I'm sorry, did I break all your shit? I didn't know it was yours



Space Haven is set in the modern day far future where the Earth has been mostly abandoned due to ecological and economic collapse. Developed by three guys and is current in early access, it's already surprisingly compelling as my hours and hours of Steam playtime will attest.

Put simply, it's a tile-based isometric spaceship builder and sim with a heavy focus on survival. Currently, there are only two starts: You begin with a small box of a ship but no means of leaving the system until you build a hyperdrive, or a much easier start intended for people who've played a couple of games where you begin on a fully-equipped space station and can build the ship of your dreams.

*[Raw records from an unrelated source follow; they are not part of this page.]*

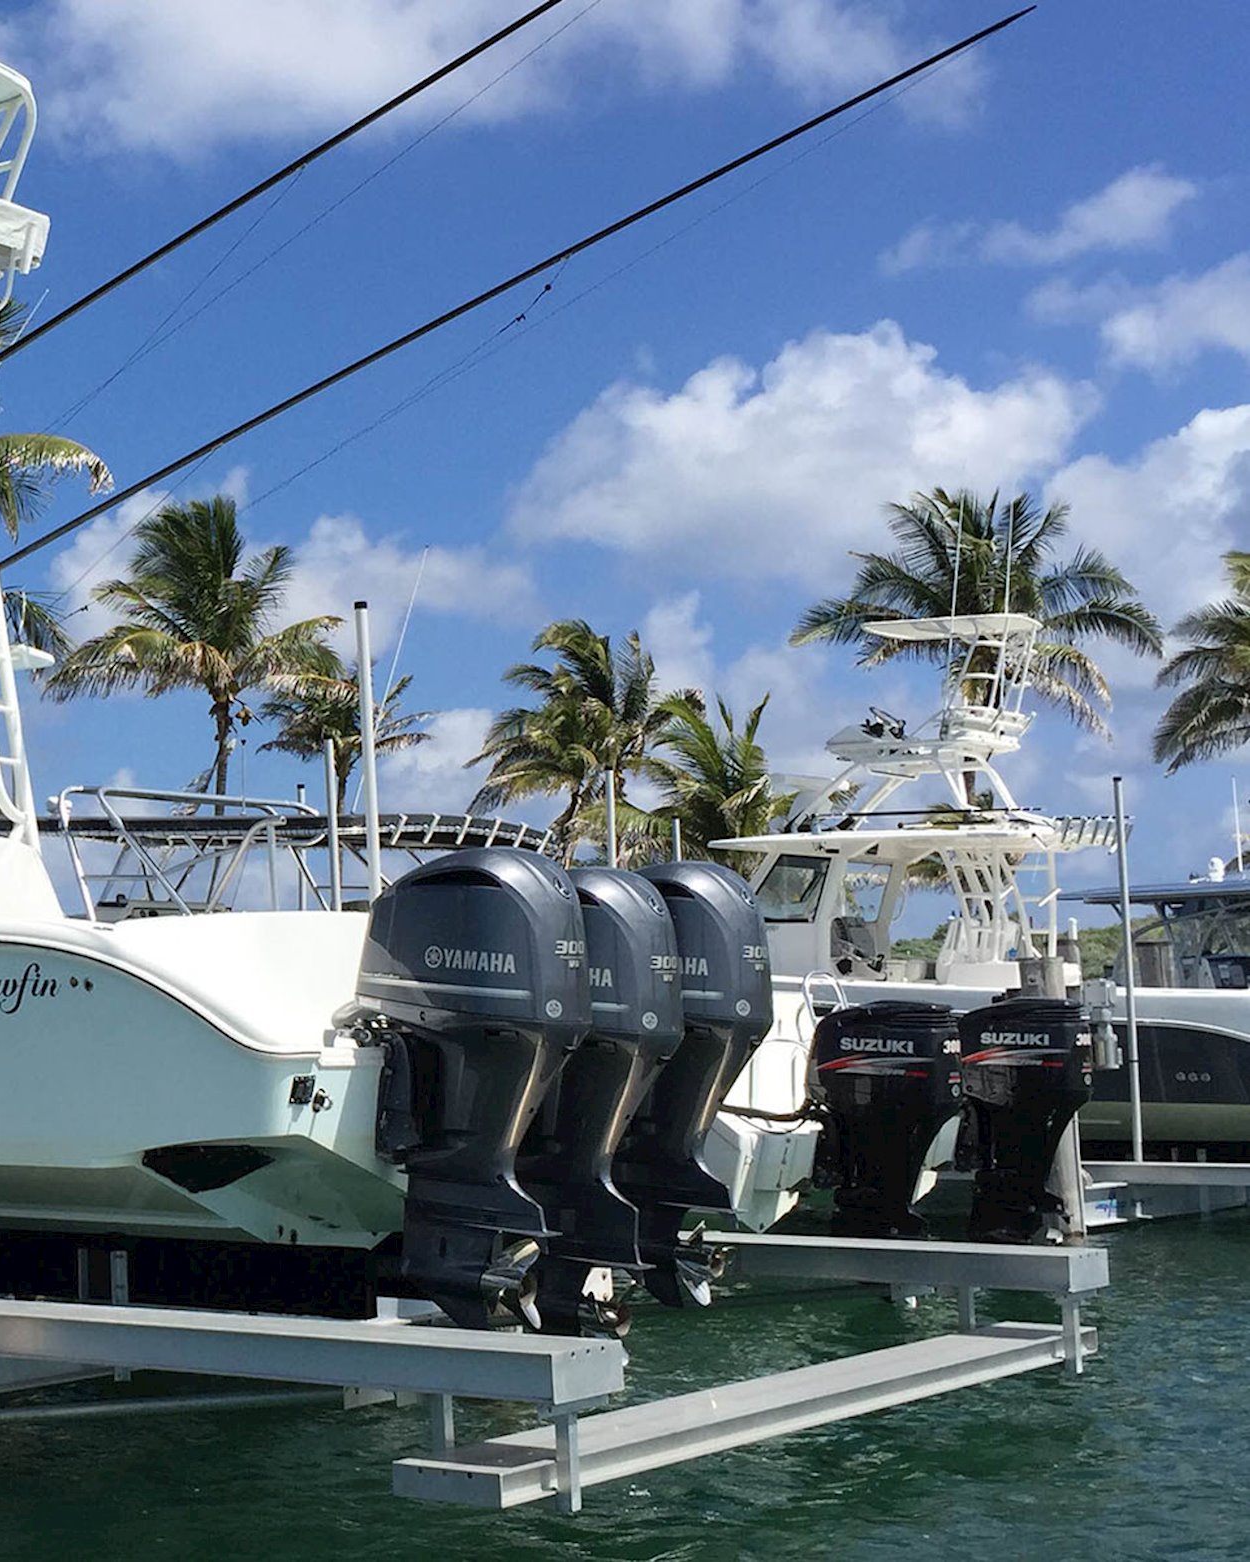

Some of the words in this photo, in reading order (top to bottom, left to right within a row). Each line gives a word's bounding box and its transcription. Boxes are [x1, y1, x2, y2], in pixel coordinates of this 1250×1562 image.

[554, 940, 585, 955] 300
[443, 948, 516, 974] YAMAHA
[650, 955, 678, 970] 300
[839, 1037, 915, 1055] SUZUKI
[979, 1031, 1050, 1047] SUZUKI

But what do you actually do?

Mostly, you run out of food and end up desperately scarfing down human meat you discover on derelicts or alien bug meat, provided you don't run out of Energium first. Warp into a system with Micrometeoroids and wonder why your ship suddenly has more holes than swiss cheese and blows up before you can warp out. Get blown up by pirates before you can warp out of the system. Waste your Hyperfuel and find yourself stranded and desperate over a picked-clean planetary orbit, awaiting a neutral ship to warp in who you might be able to trade something - anything - for some precious warp fuel. Or...

If your ship has gun turrets and the crew to back it up, you could open fire and blow up an enemy ship. Or force their surrender and take tribute. Then blow them up anyway. Ships don't become completely obliterated when destroyed, and this counts for you too. A ship that is destroyed will explode, but leave behind a carcass that may have much of its inner workings intact. This means that even if you get exploded up, provided your assailant doesn't land a boarding party and take captives and provided your mining pods are intact, you could repair your hull breaches and slowly, agonisingly put your ship back together. All of this assumes your crew survives the initial explosion of course.

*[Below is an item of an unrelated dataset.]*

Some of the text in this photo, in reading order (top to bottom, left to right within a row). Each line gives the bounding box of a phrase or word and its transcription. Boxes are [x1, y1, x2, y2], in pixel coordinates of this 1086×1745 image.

Sounds neat! What about running my ship, which will of course be called Firefly, or Enterprise or...

First, no. Second, you need to take care of your wee humans!

The game has an Oxygen Not Included style gas and temperature system. Building oxygen generators will fill your ship with breathable air. Temperature controllers warm it up and then maintain the temperature at comfortable levels. Get a hull breach? Watch out, all that air will rush out, potentially damaging everything caught in the sudden vacuum. Seal off your vents to contain the breach! Design your ship to help compartmentalise potentially dangerous and fire-prone machines and ensure sufficient temp controllers in case those Recyclers or Fabricators start running a little hot.

Fire on board? Tackle it quickly, or your ship will quickly fill with toxic smoke and heat up to lethal levels!




Finally, there is (allegedly) a disease system where crew members may catch the alien lurgie. Either build medibeds and have your doctor treat them, or you can freeze them in a cryotube until you have the means to save them.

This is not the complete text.